La familia es lo primero. O al menos eso es lo que debería ser. En muchas ocasiones pasamos tanto tiempo en el trabajo, reuniones, eventos de la empresa…, que cuando queremos llegar a casa, ya es demasiado tarde para hacer los deberes con nuestros hijos, jugar un rato con ellos o cenar en familia, e incluso en ocasiones, para poder verles despiertos. Es una sensación como de que te estás perdiendo algo en la vida de tu familia.
Llevamos un horario de locos y en las grandes ciudades además hay que añadir los tiempos de desplazamiento, que no es poco.
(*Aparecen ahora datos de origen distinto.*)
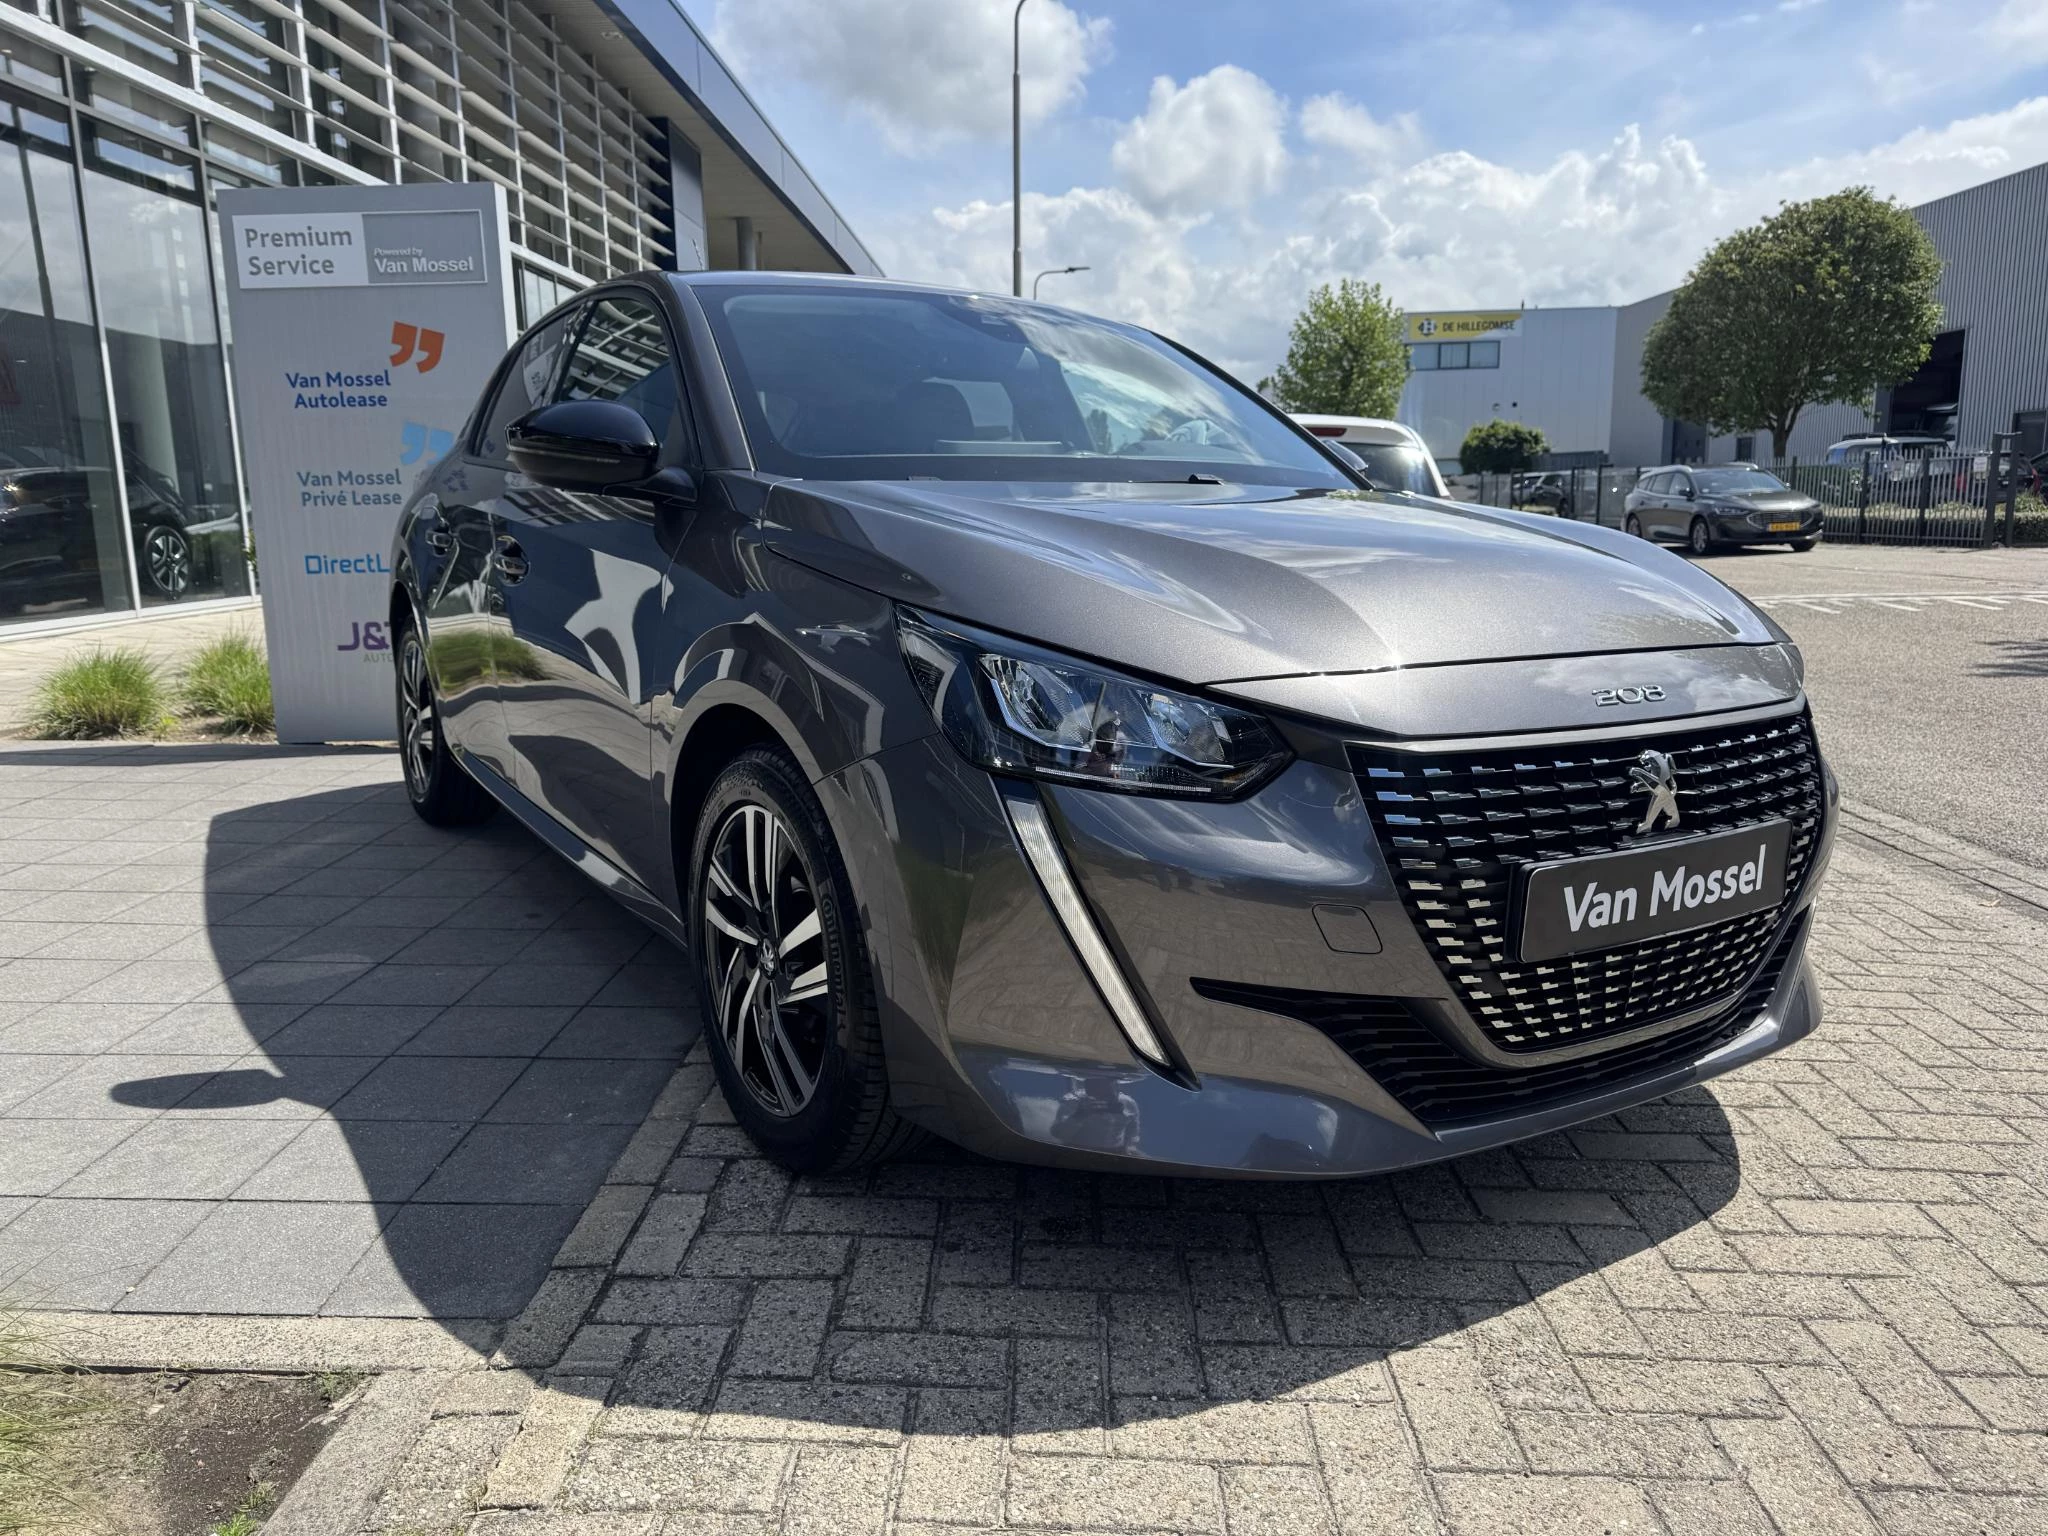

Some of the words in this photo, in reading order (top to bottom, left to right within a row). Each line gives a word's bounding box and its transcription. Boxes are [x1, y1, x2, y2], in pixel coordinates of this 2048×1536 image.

El caso es que al final, disfrutamos poco de nuestra familia. En muchas ocasiones, nos dejamos llevar por la rutina del día a día, sin pararnos a pensar que tal vez, si nos organizamos un poco mejor, tendremos tiempo para todo.
Hoy te quiero dejar algunas claves que espero que te sirvan para poder compaginar un poco mejor esos dos factores:
Organiza una noche en familia. No me digas que no puedes encontrar un sólo día en toda la semana para esto. Fíjate un día de la semana y no renuncies a él por nada. Cambia el resto de las cosas de tu agenda para respetar este día. Tanto si vais a salir como si os vais a quedar en casa, pasar tiempo juntos es lo que importa.
Prioriza. Haz un esfuerzo para establecer prioridades y escribirlas. Por ejemplo: lo primero es recoger a mi hijo los martes de su clase de baloncesto. Lo segundo es ir a todas las reuniones (incluidas cenas) que haya con el cliente X… Así, cuando tengas que tomar una decisión con respecto a tu familia o el trabajo, ya tienes unas pautas a seguir.